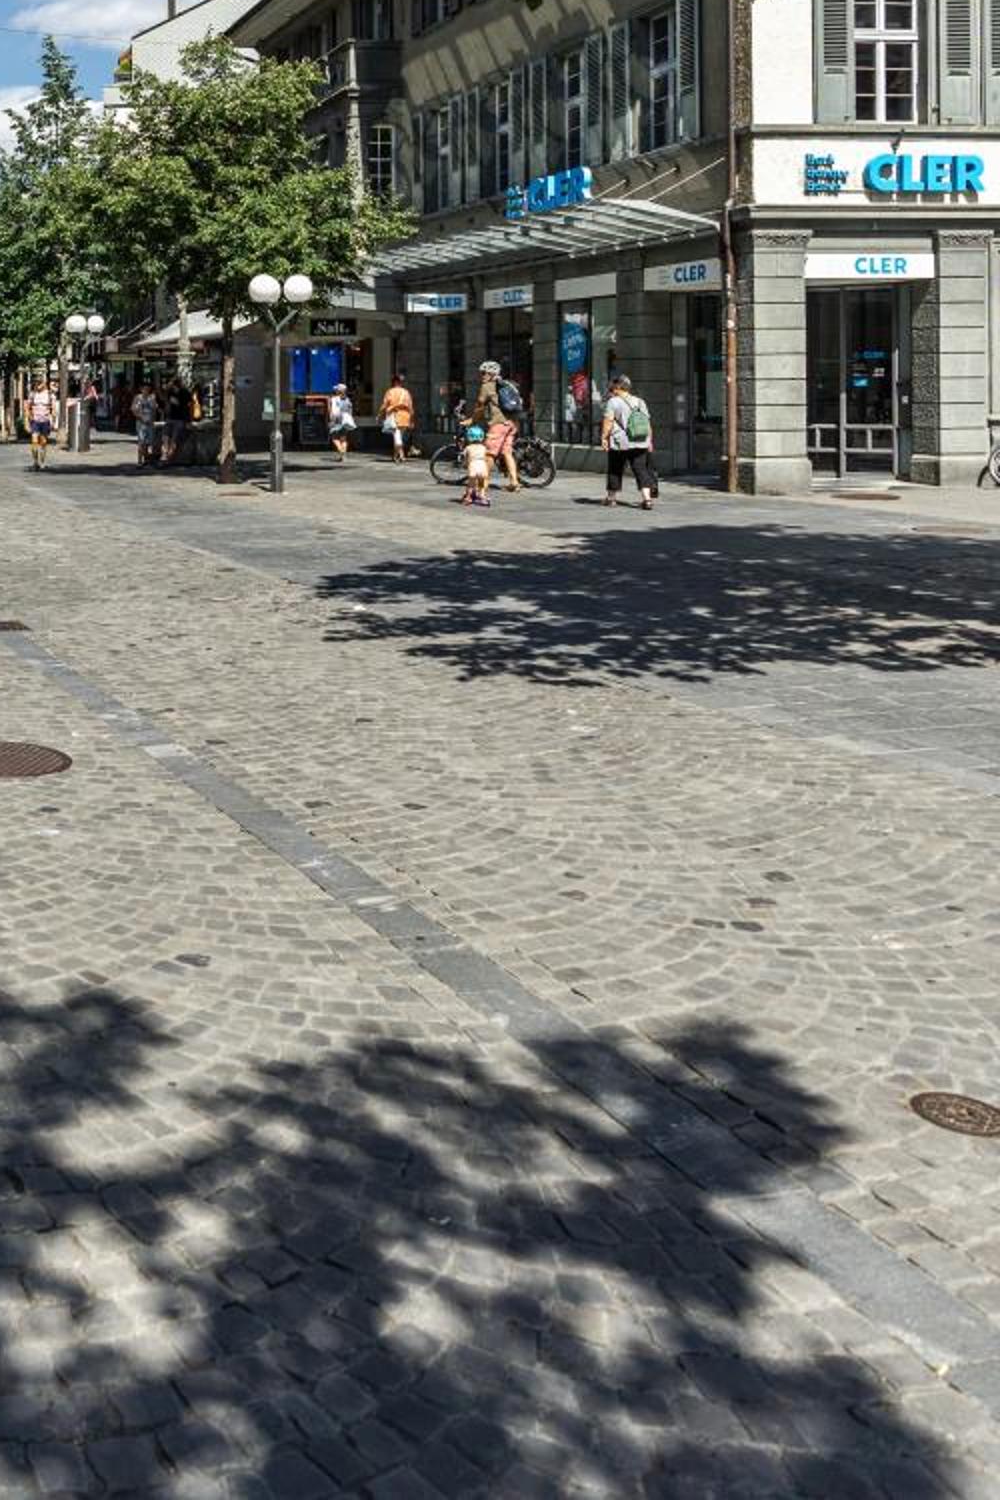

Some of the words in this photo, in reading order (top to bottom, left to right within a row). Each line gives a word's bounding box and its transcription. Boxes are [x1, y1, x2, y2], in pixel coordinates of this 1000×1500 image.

[864, 154, 985, 192] CLER
[528, 166, 593, 213] CLER
[674, 263, 707, 283] CLER
[855, 257, 907, 275] CLER
[429, 296, 463, 309] CLER
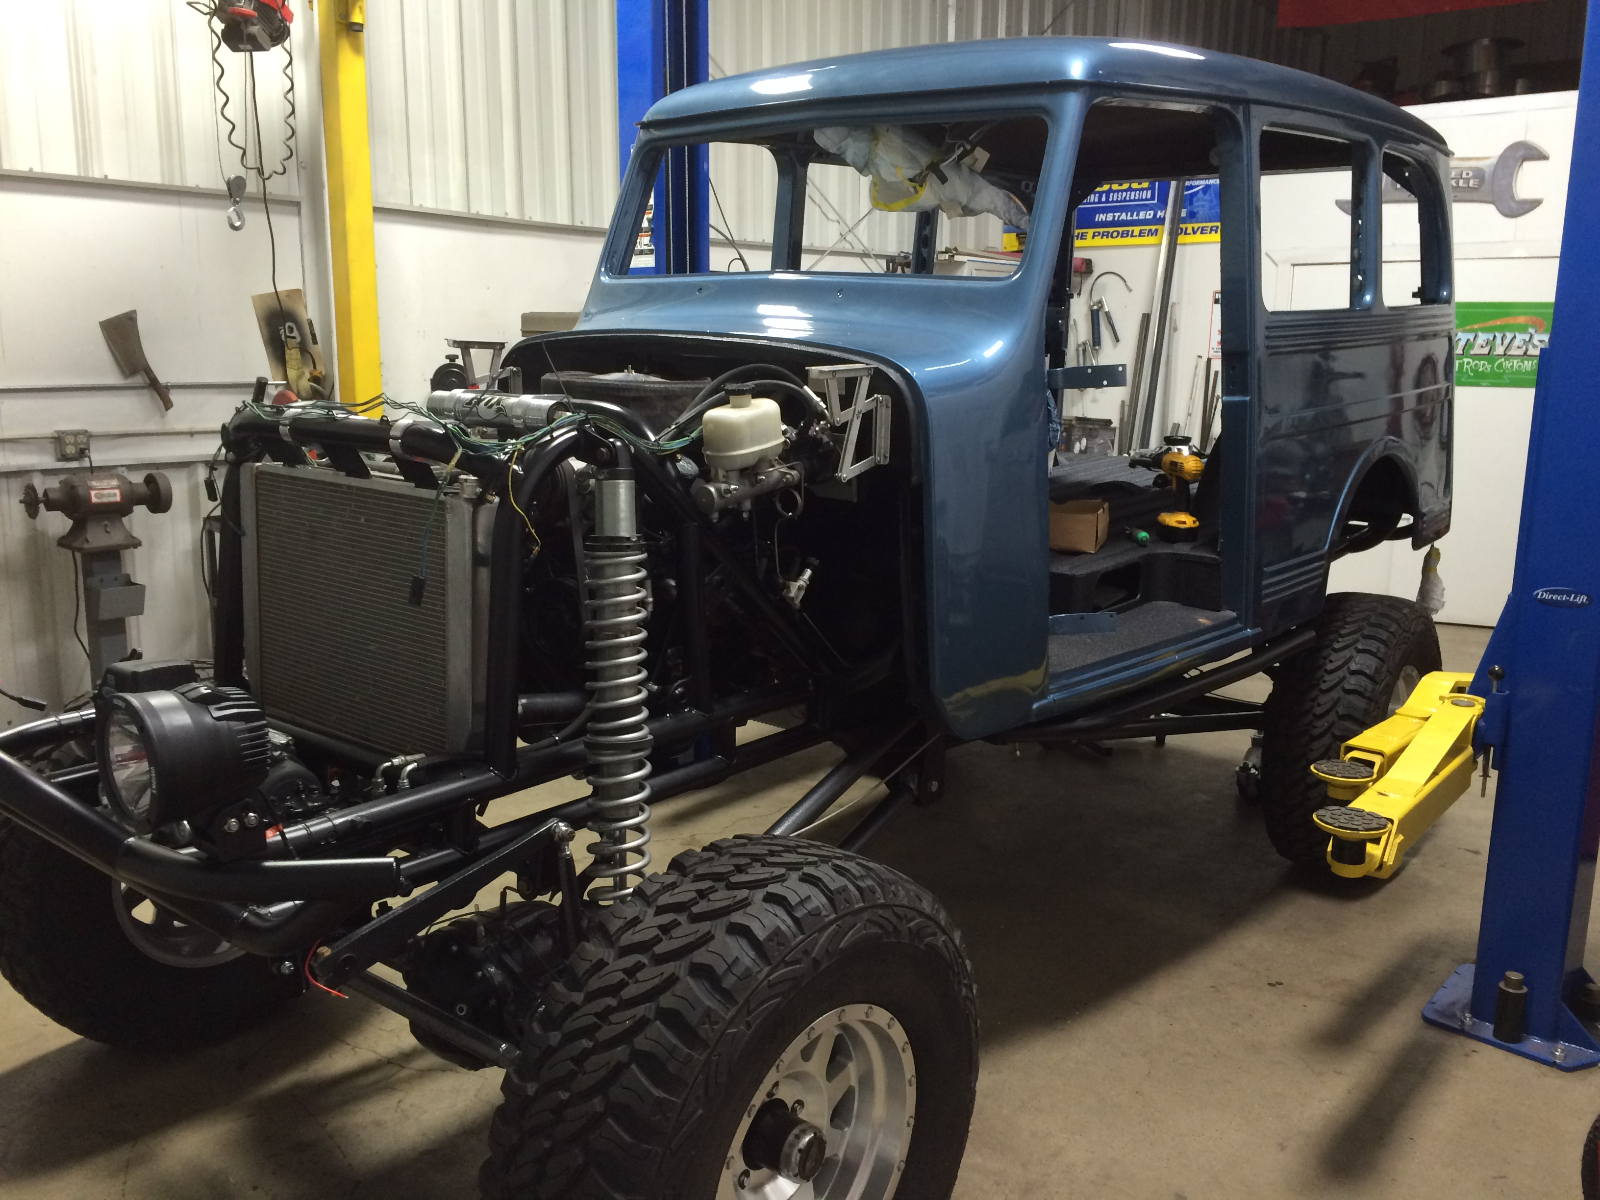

□ □ □

◆ **About this task**: Write out every line of the entries above exactly, and omit their pictures.

◆ **Written answer**:
Some of the words in this photo, in reading order (top to bottom, left to right within a row). Each line gives a word's bounding box and its transcription. Boxes are [x1, y1, x2, y2], in pixel coordinates of this 1000×1500 image.

[864, 154, 985, 192] CLER
[528, 166, 593, 213] CLER
[674, 263, 707, 283] CLER
[855, 257, 907, 275] CLER
[429, 296, 463, 309] CLER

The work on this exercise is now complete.